**What needs to be done:** Transcribe the records exactly. Pictures do not belong in the transcription.

Task material Start Marker

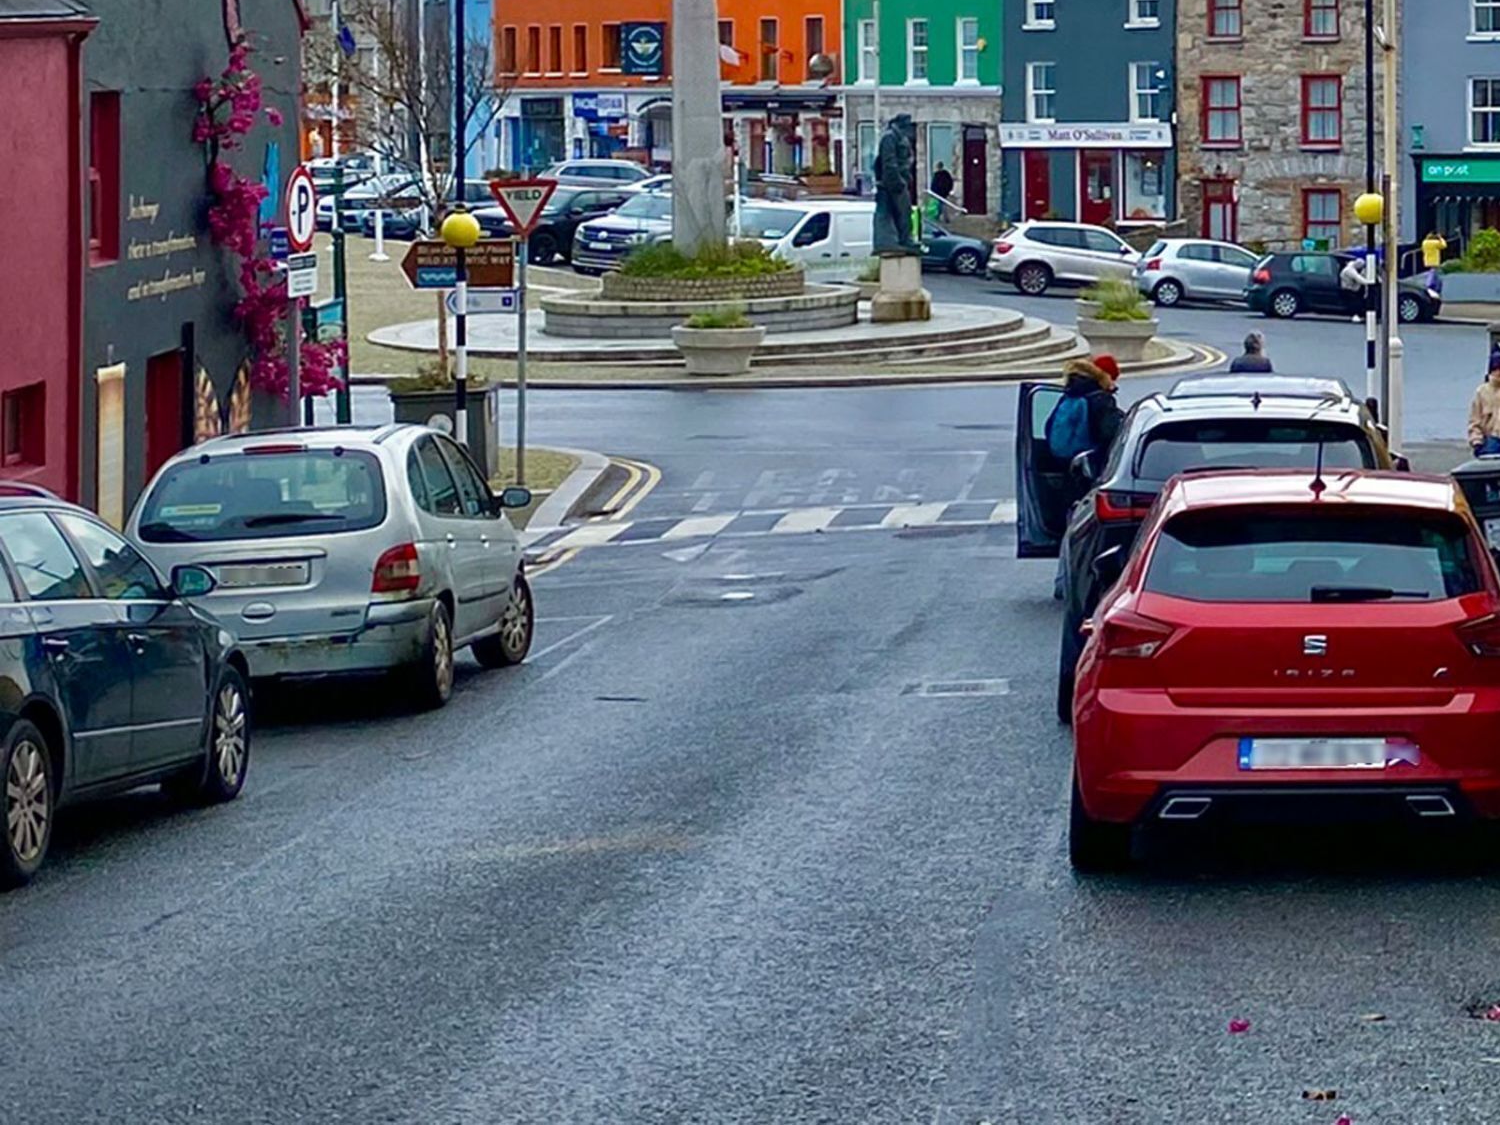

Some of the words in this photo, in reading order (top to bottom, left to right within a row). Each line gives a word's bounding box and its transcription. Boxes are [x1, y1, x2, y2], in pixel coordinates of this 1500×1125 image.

[1048, 129, 1070, 141] Matt
[1072, 129, 1123, 141] O'Sullivan
[504, 189, 542, 201] YIELD
[442, 256, 488, 265] ATNTIC
[490, 256, 511, 265] WAY
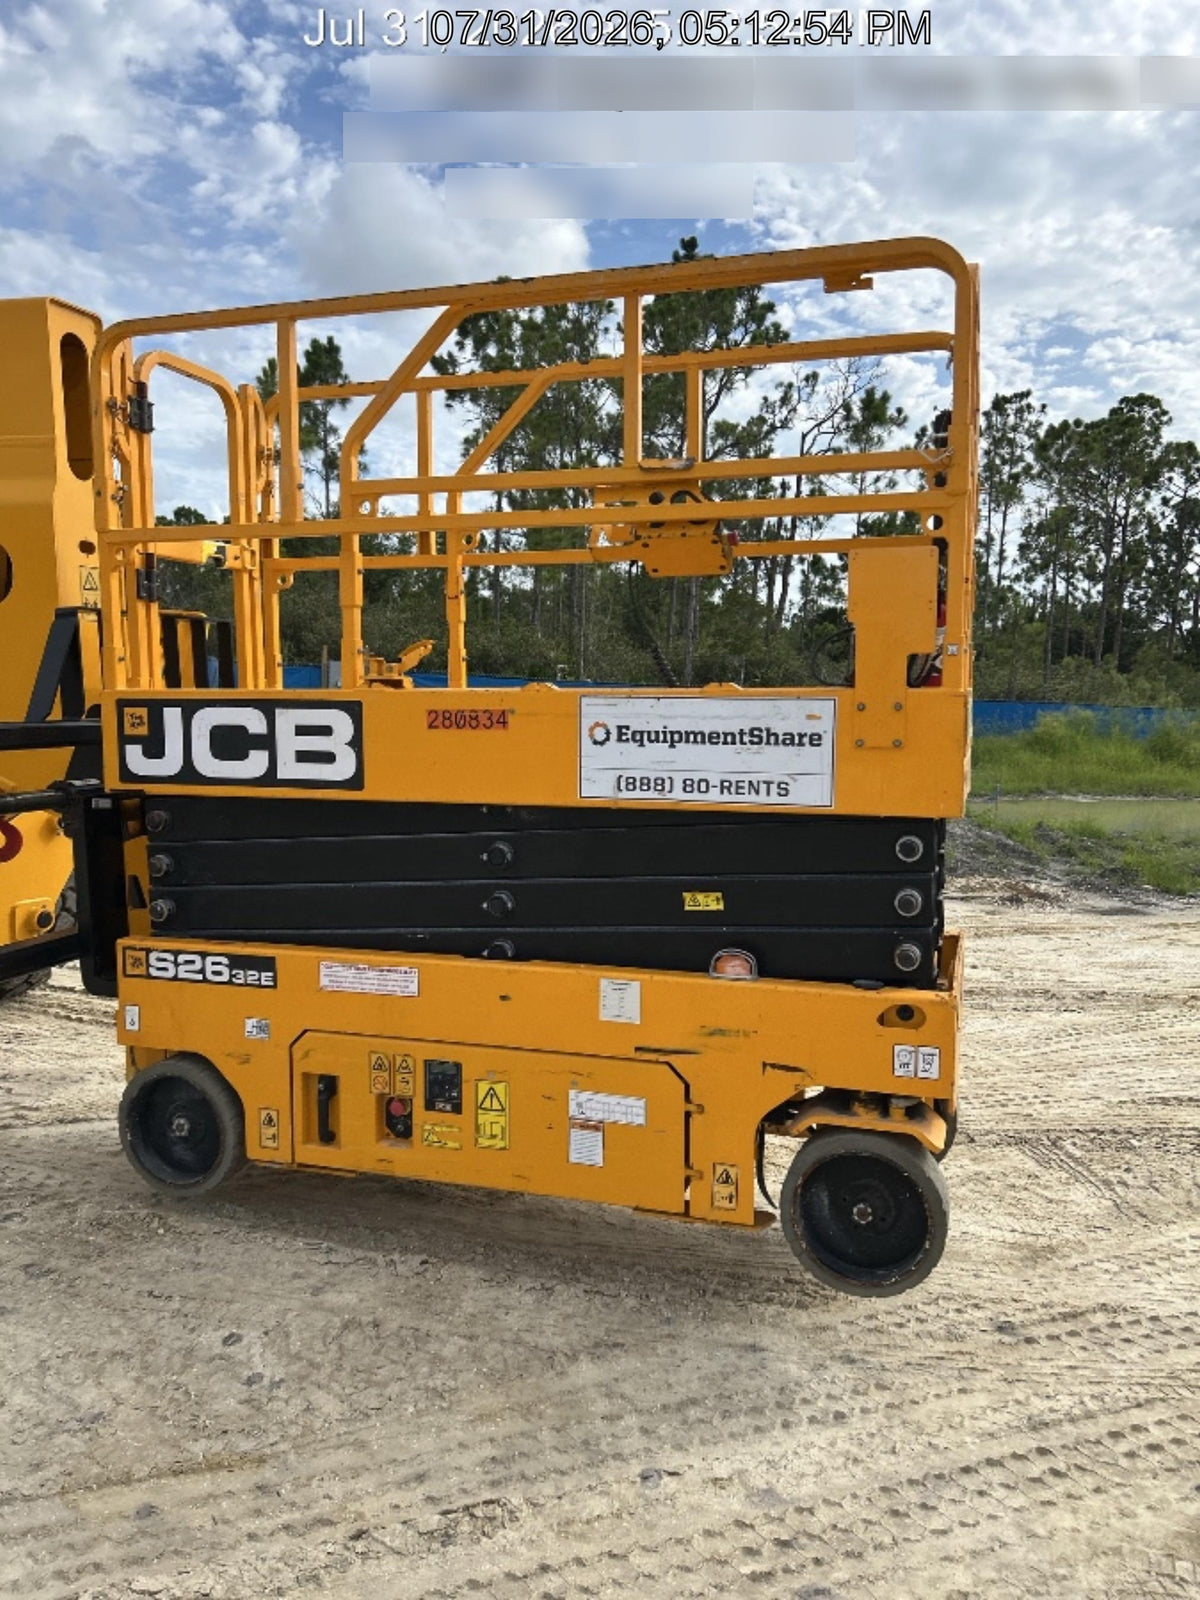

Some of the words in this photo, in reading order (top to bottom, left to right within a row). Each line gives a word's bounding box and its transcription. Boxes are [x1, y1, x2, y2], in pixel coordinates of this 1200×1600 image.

[427, 709, 509, 730] 280834
[125, 706, 358, 781] JCB
[616, 725, 823, 749] EquipmentShare
[616, 774, 674, 794] (888)
[682, 777, 790, 797] 80-RENTS
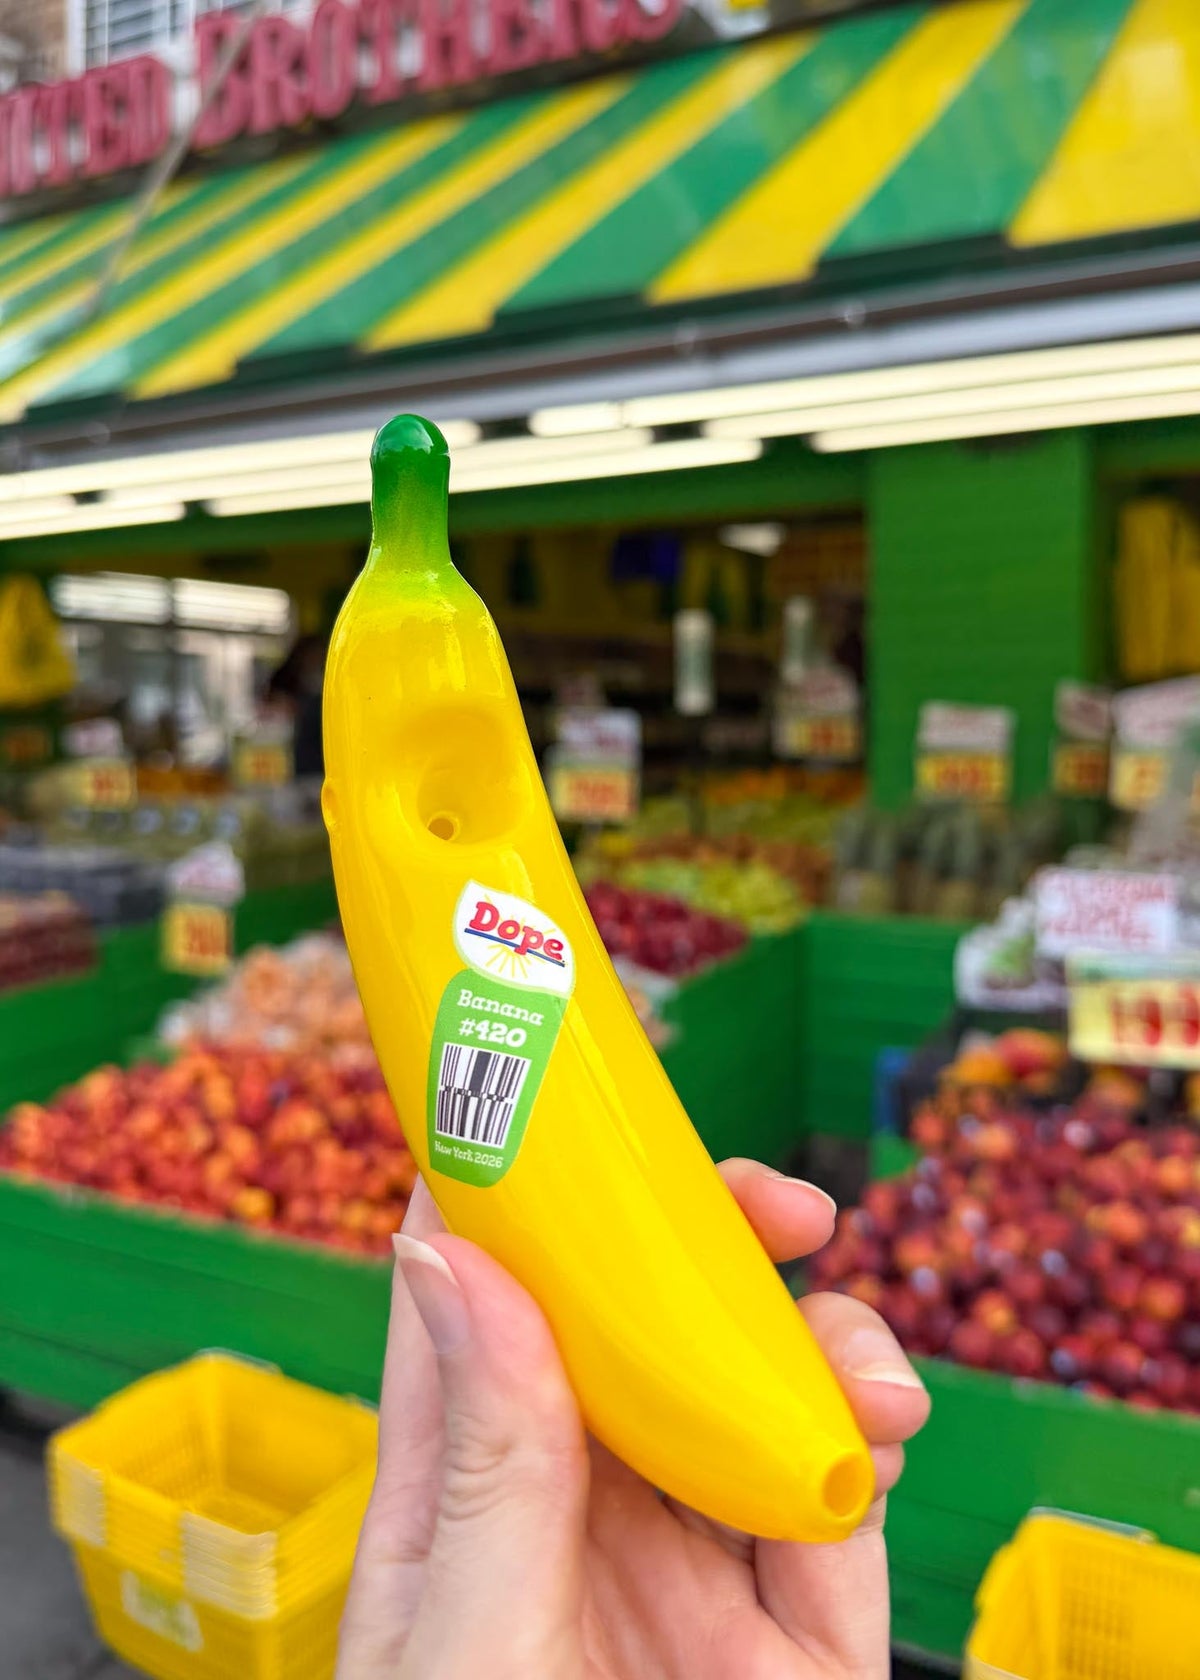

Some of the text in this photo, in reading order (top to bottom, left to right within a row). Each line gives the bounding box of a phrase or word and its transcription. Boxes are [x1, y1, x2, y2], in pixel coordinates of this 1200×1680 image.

[469, 901, 564, 961] Dope
[457, 989, 545, 1026] Banana
[459, 1018, 527, 1048] #420
[435, 1140, 504, 1168] New York 2026
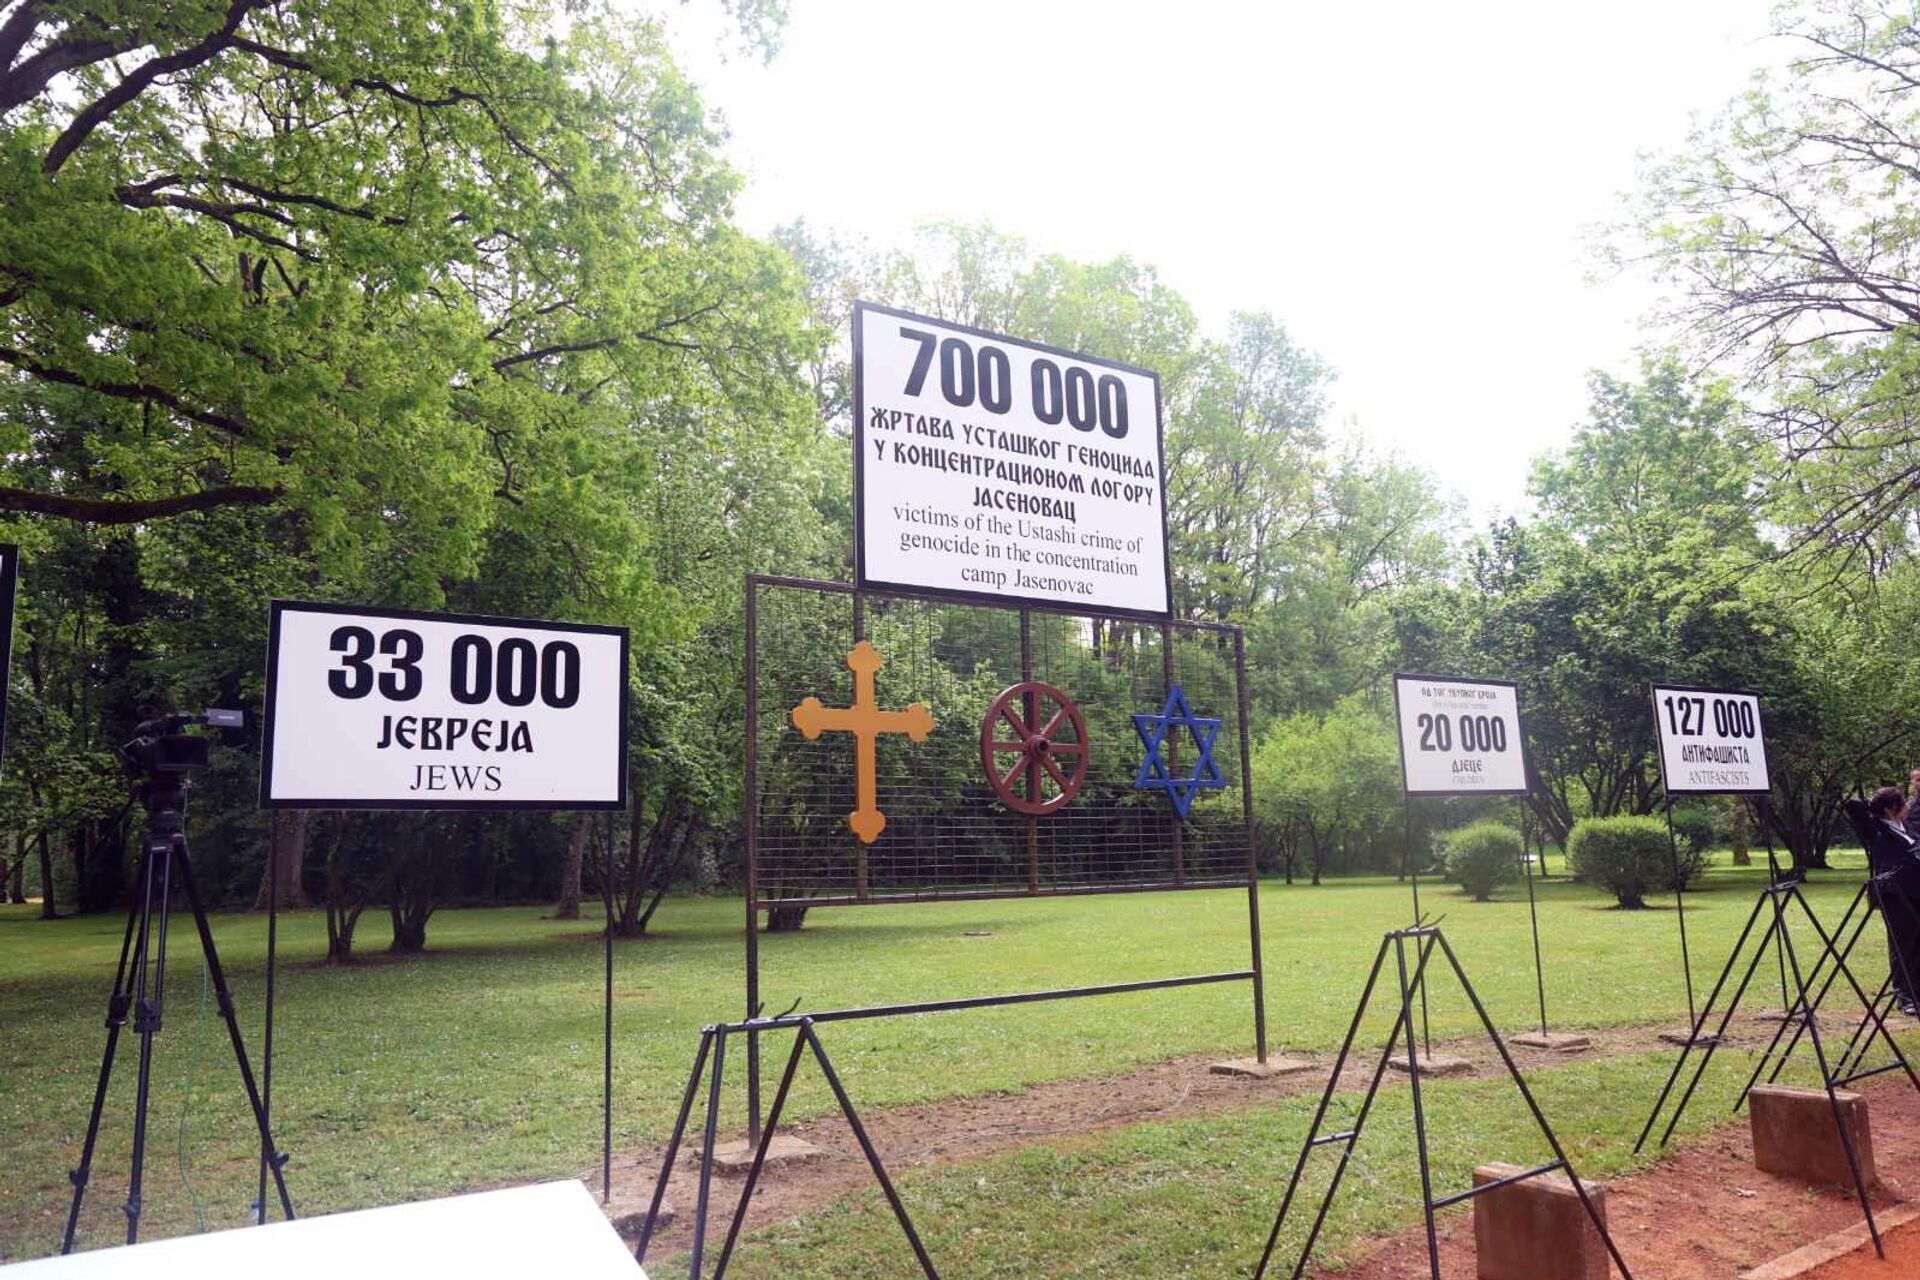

Task material End Marker

**Response:**
Some of the words in this photo, in reading order (top to bottom, left to right within a row). Each line gives a word's bounding box and its transcription. Boxes are [x1, y1, x2, y2], in pixel coordinates of this 1500×1125 image.

[1048, 129, 1070, 141] Matt
[1072, 129, 1123, 141] O'Sullivan
[504, 189, 542, 201] YIELD
[442, 256, 488, 265] ATNTIC
[490, 256, 511, 265] WAY

Some of the words in this photo, in reading order (top to bottom, left to right within a row). Each line gives a word's bounding box and its transcription. Boxes are [x1, y1, x2, y2], in pixel coordinates of this 1200×1600 image.

[427, 709, 509, 730] 280834
[125, 706, 358, 781] JCB
[616, 725, 823, 749] EquipmentShare
[616, 774, 674, 794] (888)
[682, 777, 790, 797] 80-RENTS

Some of the text in this photo, in reading order (top to bottom, left to right within a row). Each line gives the bounding box of a phrase or word and its transcription. Boxes are [x1, y1, x2, y2], in pixel coordinates of this 1200×1680 image.

[469, 901, 564, 961] Dope
[457, 989, 545, 1026] Banana
[459, 1018, 527, 1048] #420
[435, 1140, 504, 1168] New York 2026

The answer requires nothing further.